Keywords : tonal reduction; Neutral Tone; Standard Mandarin; corpus phonetics; connected speech; tonal contrast

Soutenance de Minmin Yang

La soutenance aura lieu le mercredi 24 juin 2026 à partir de 14h, à l’adresse suivante :
Salle Claude Simon, Maison de la Recherche

Université Sorbonne Nouvelle

4 rue des Irlandais, 75005 Paris

 

Le jury sera composé de :
  • Mme Christine Meunier, DR-CNRS (Rapportrice)
  • M. Rudolph Sock, PR-Université de Strasbourg (Rapporteur)
  • Mme Anne Hermes, CR-HDR-CNRS (Examinatrice)
  • M. Pierre Hallé, DR Émérite-CNRS (Examinateur)
  • M. Rachid Ridouane, DR-CNRS (Directeur de thèse)

 

Production des groupes occlusive-liquide en français : Locuteurs natifs et apprenants sinophones
Cette thèse présente une analyse acoustique des groupes consonantiques occlusive-liquides (OL) du français dans deux positions syllabiques : attaque et coda. L’étude compare les productions de 10 locuteurs natifs à celles de 30 apprenants sinophones répartis en trois niveaux de compétence (M1, M2 et M3).
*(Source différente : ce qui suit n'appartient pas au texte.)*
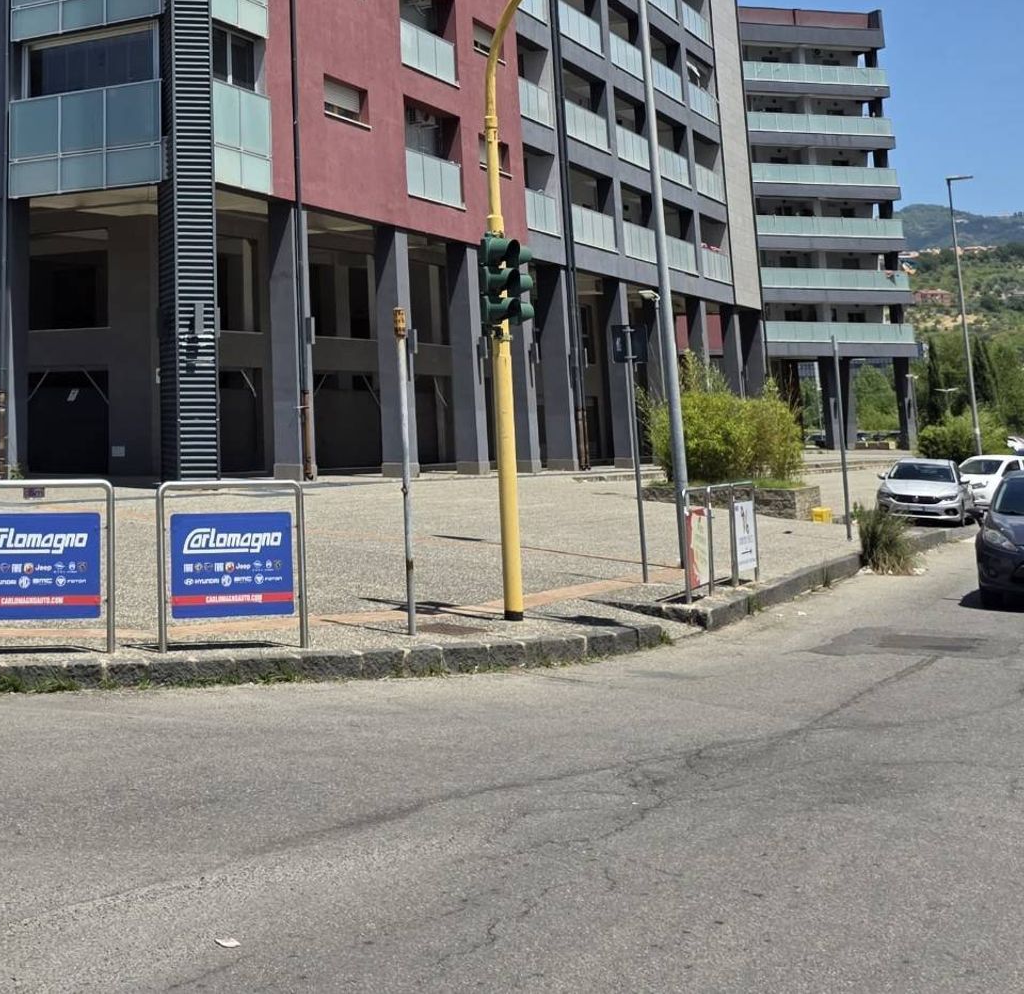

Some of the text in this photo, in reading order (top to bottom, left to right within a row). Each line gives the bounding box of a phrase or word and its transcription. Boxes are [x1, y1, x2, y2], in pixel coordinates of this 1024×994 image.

[182, 527, 282, 554] Carlomagno
[35, 563, 53, 572] Jeep
[236, 562, 251, 570] Jeep
Deux contextes prosodiques sont examinés : mots isolés et mots insérés dans une phrase porteuse. La recherche s’appuie sur une différence phonotactique fondamentale entre les deux langues : alors que le mandarin ne permet pas de groupes consonantiques en attaque et en coda, le français les autorise de manière productive. Cette divergence rend les groupes OL particulièrement pertinents pour étudier l’acquisition d’une autre langue et l’implémentation acoustique des clusters consonantiques. À partir d’un ensemble de mesures segmentales et suprasegmentales, incluant les patrons de modification des clusters, la fréquence et les propriétés acoustiques du schwa, les patrons de voisement consonantique, la durée du relâchement des occlusives, ainsi que les ajustements des voyelles adjacentes, cette thèse analyse à la fois les cibles de production des locuteurs natifs et les trajectoires d’apprentissage des apprenants.
Dans les deux contextes étudiés, l’output acoustique est fortement influencé par la position du cluster et le type de liquide : les codas subissent plus fréquemment des modifications que les attaques, tandis que les clusters contenant une rhotique apparaissent plus affectés que ceux avec une latérale. Le dévoisement et l’insertion de schwa constituent les principaux types de modification. En particulier, les séquences sourdes+rhotiques montrent un dévoisement quasi catégoriel de la rhotique, alors que les latérales présentent plus souvent un dévoisement partiel. Une asymétrie parallèle est observée pour le schwa : il est particulièrement fréquent dans les voisées+rhotiques, et relativement moins fréquent dans les clusters avec latérale. Les résultats sur le schwa étayent une analyse à double origine en français natif : entre consonnes, il a les caractéristiques d’un vocoïde transitionnel façonné par le contexte segmental, tandis qu’en position finale, il est lié à un conditionnement phonologique ou prosodique et augmente dans la phrase porteuse. Les apprenants s’écartent des natifs par une moindre stabilité laryngale et un schwa plus fréquent : ils insèrent davantage de schwa et maintiennent rarement un voisement continu sur les deux consonnes dans les groupes à occlusive voisée, avec des effets du voisement sur les voyelles adjacentes plus faibles, voire absents.
Globalement, les résultats suggèrent que de nombreuses pressions qui conditionnent la réalisation des groupes OL sont partagées entre natifs et apprenants, tandis que la variabilité persistante chez ces derniers reflète la difficulté d’acquérir la coordination temporelle et laryngée propre aux groupes consonantiques, sous l’effet des contraintes phonotactiques de la L1.
Mots-clés : Suites occlusive-liquide, acoustique, natifs français, apprenants chinois, onset-coda, stratégies de réparation, contraintes phonotactiques, schwa.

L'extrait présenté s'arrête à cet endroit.